TASK INPUTS START

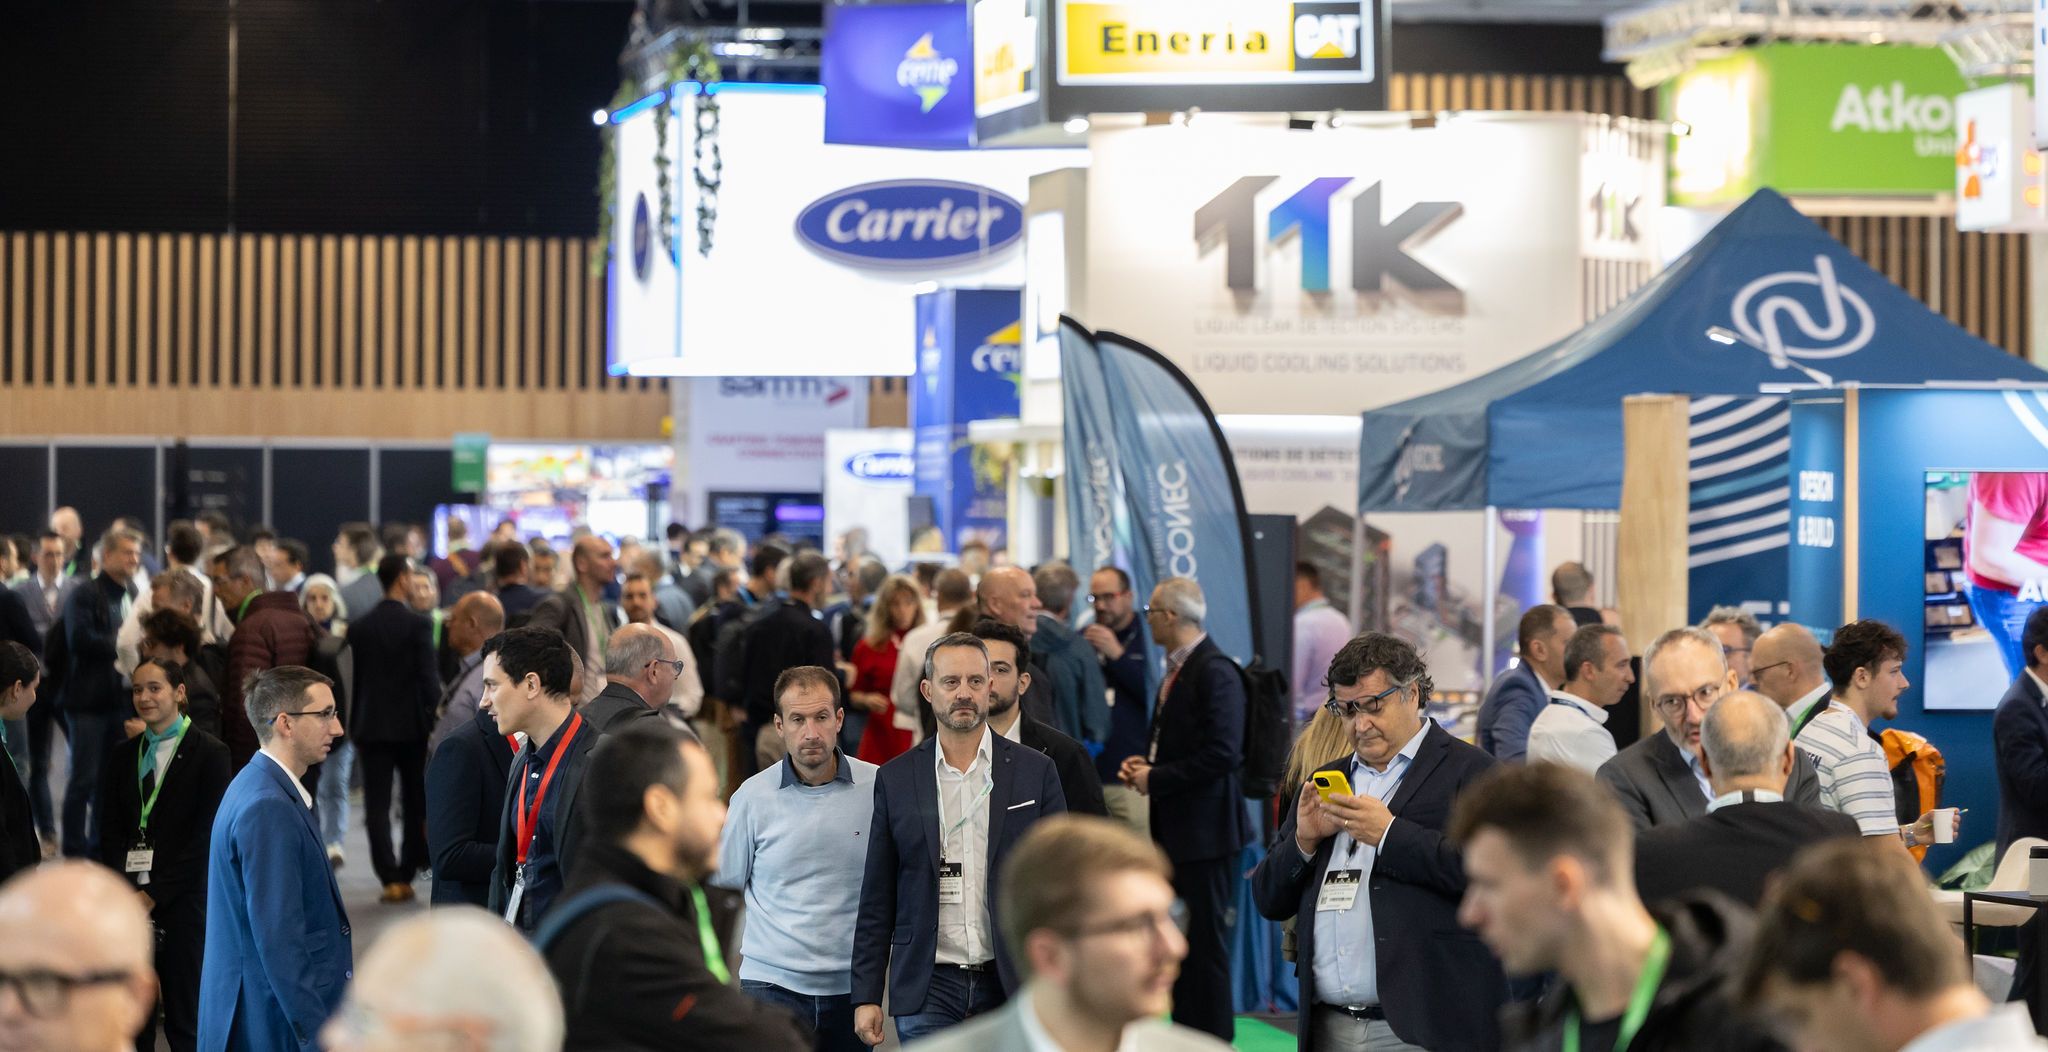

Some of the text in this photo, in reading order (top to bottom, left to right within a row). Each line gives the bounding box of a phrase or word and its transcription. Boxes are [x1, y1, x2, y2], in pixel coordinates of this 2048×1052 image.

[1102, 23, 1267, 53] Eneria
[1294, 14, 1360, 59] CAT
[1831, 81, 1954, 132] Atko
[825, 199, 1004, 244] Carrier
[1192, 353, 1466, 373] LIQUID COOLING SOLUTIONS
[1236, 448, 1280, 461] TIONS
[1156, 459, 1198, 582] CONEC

TASK INPUTS END

**WORK ORDER**
An exact copy of every line above, minus the pictures, is the required output.

**RESULT OF THIS EXERCISE**
Some of the text in this photo, in reading order (top to bottom, left to right within a row). Each line gives the bounding box of a phrase or word and its transcription. Boxes are [x1, y1, x2, y2], in pixel coordinates of this 2048×1052 image.

[1102, 23, 1267, 53] Eneria
[1294, 14, 1360, 59] CAT
[1831, 81, 1954, 132] Atko
[825, 199, 1004, 244] Carrier
[1192, 353, 1466, 373] LIQUID COOLING SOLUTIONS
[1236, 448, 1280, 461] TIONS
[1156, 459, 1198, 582] CONEC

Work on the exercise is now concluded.